From March 21st to 23rd, I attended the National Collegiate Inventors and Innovators Alliance’s (NCIIA) annual conference in Washington DC. NCIIA is a private nonprofit organization that supports and funds university programs and student teams who are developing innovative social products and ventures.
Overall, I enjoyed the conference sessions and getting to know other faculty and staff working on university social entrepreneurship and innovation courses and programs akin to Scale-Ups. There were several hundred entrepreneurship and engineering faculty in attendance. There were also, many current or former student teams, including folks from San Diego State University working on a thresher in East Africa (Scale-Ups Phase II has a thresher project too), many interesting medical technology teams, as well as Global Research Innovation Technologies (GRIT), a Scale-Ups Phase III venture bringing to market the Leveraged Freedom Chair.
I gained a deeper understanding of NCIIA’s grant structure. NCIIA currently offers three phases of funding, very similar to the three phases of the Scale-Ups pipeline. However, there are key differences: NCIIA requires that all teams begin by applying to Phase I, each team must have at least one current university student, and their Phase III is not grant funding, but rather $50,000 of convertible debt. For reference, the Scale-Ups Fellowship works with MIT alumni (non-students), gives grant funding at all phases, and alumni can join the program at any phase. Two current Scale-Ups Phase II Fellows, Kwami Williams and Anna Young, were recently awarded NCIIA phase I grants and are participating in both programs.
On the final day of the conference, I spoke on a panel with three colleagues and friends: Ben Linder of the Affordable Design and Entrepreneurship program at Olin College, Carl Hammerdorfer of the Global Social Sustainable Entrepreneurship program at Colorado State University, and Kate Mytty of MIT’s IDEAS Global Challenge. We spoke on the topic of supporting commercialization of technology-based ventures in base of the pyramid markets from within university programs. Overall, most university programs in attendance seem to be struggling with the following few questions:
1. How do we balance impact objectives with educational objectives?
2. Who owns the resulting ventures, both in the short term and long term: program faculty, a university-tied sister organization, students, or alumni entrepreneurs? Also, when and how do transitions of venture ownership occur?

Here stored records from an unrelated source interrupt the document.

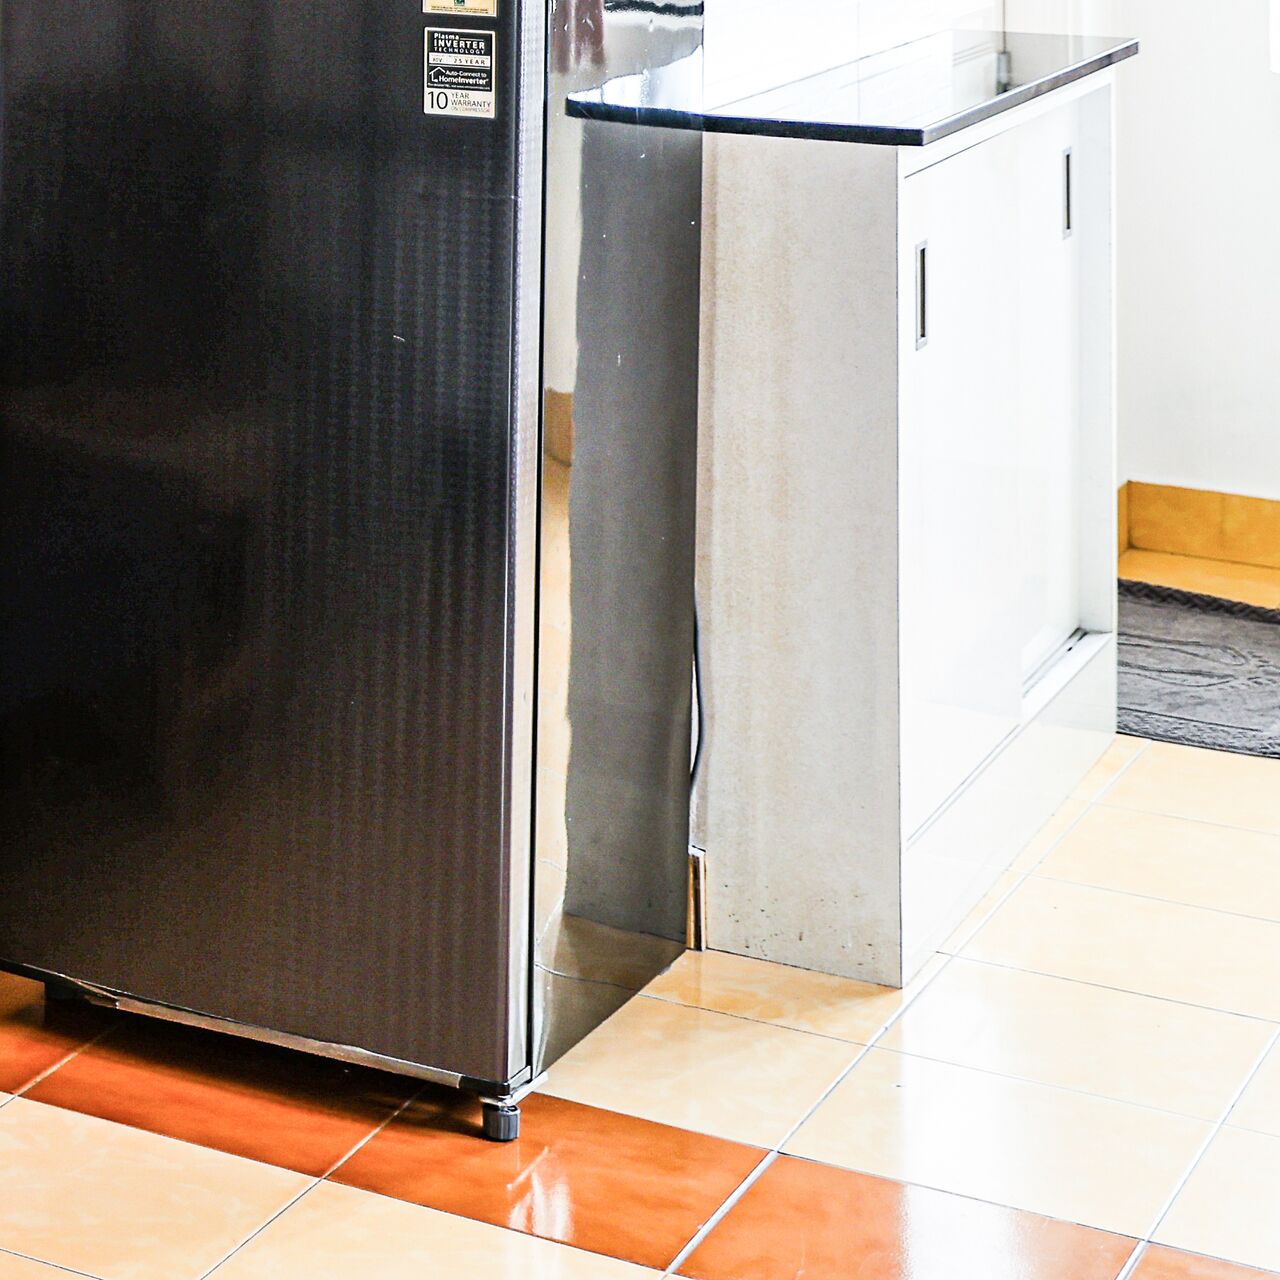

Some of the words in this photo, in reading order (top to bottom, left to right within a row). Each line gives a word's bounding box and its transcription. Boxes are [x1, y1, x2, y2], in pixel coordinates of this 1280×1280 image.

[433, 32, 460, 40] Plasma
[433, 39, 485, 49] INVERTER
[434, 46, 485, 55] TECHNOLOGY
[427, 91, 448, 110] 10
[450, 99, 492, 108] WARRANTY

3. And, you guessed it: Where can programs and newly spawned ventures find funding?
Scale-Ups, like other programs, wrestles with these same questions. Regarding the balance of impact and educational objectives, D-Lab is lucky to be large enough to have courses that focus on educational objectives while Scale-Ups and other programs, can focus on impact objectives.
The question of ownership has been clear to Scale-Ups from the outset, though it differs from many other similar programs. Scale-Ups works directly with established ventures or support alumni entrepreneurs who own their ventures. I found that other programs keep the ownership of fledgling and even established ventures with program faculty or sister organizations.

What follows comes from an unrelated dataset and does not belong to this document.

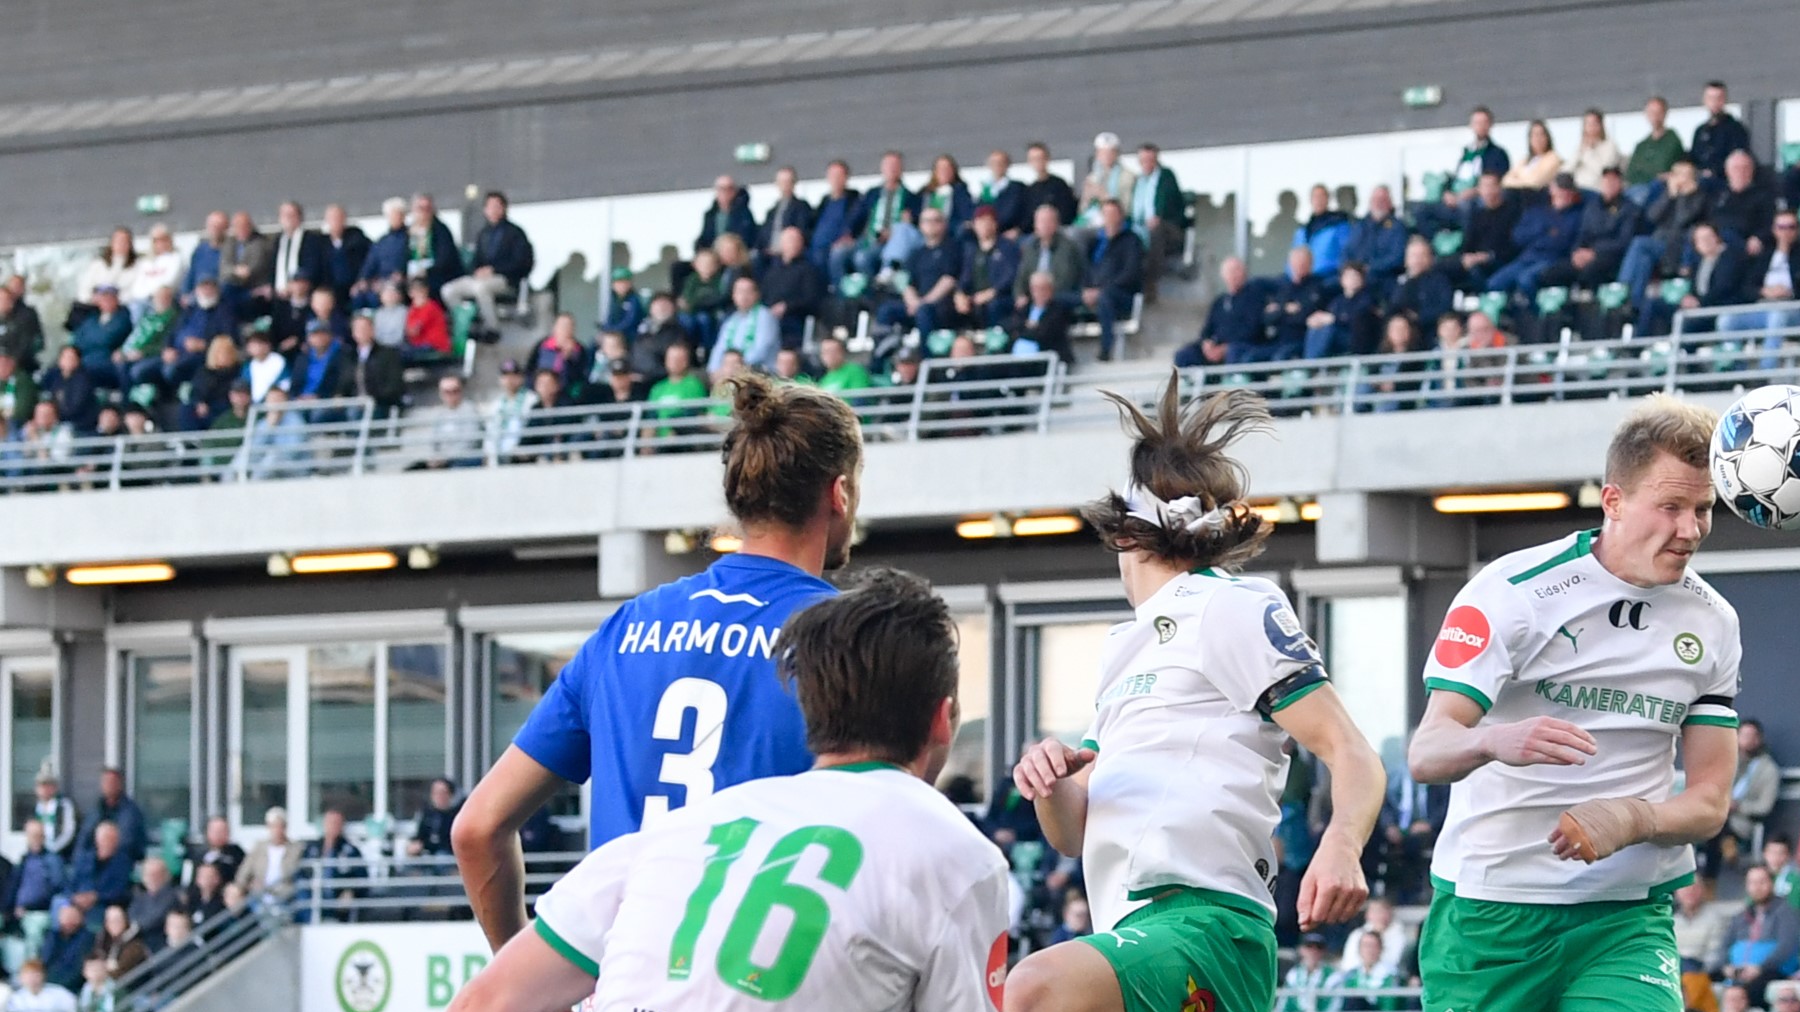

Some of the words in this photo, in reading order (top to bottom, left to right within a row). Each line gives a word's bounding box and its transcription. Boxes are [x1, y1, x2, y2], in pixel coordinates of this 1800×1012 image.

[644, 677, 728, 834] 3
[1534, 678, 1687, 725] KAMERATER
[667, 816, 865, 1001] 16

Finally, Scale-Ups, like all the programs present, is constantly looking for new and interesting sources of funding for our program and supported ventures. An interesting source, which I hadn’t previously heard of was Small Business Innovation Research funding. This is U.S. federal funding allocated only to small businesses that some university programs have found ways to tap into.
A session on nifty experiential activities was a highlight for many conference attendees. Being a teacher at heart, I’ll leave you with my favorite activity, entitled: “The Value of Your Pants.” The instructor begins by asking their students to write down the value of their pants (in dollars) and hand them in, anonymously. The instructor then chooses one price, pulls out the appropriate cash, and offers to buy that person’s pants. Of course, the student will likely refuse, so the instructor proceeds to ask, “Now that you know I have been to an ATM and have, let’s say an unlimited cash supply, how much do you really value your pants?” Everyone then re-evaluates how much their pants really mean to them in that moment. Students hand in their prices again, and the results are then plotted on the board. This exercise teaches the situation- and time-dependent value of products, and the difficulty in valuing them. Now… how much do you value your pants?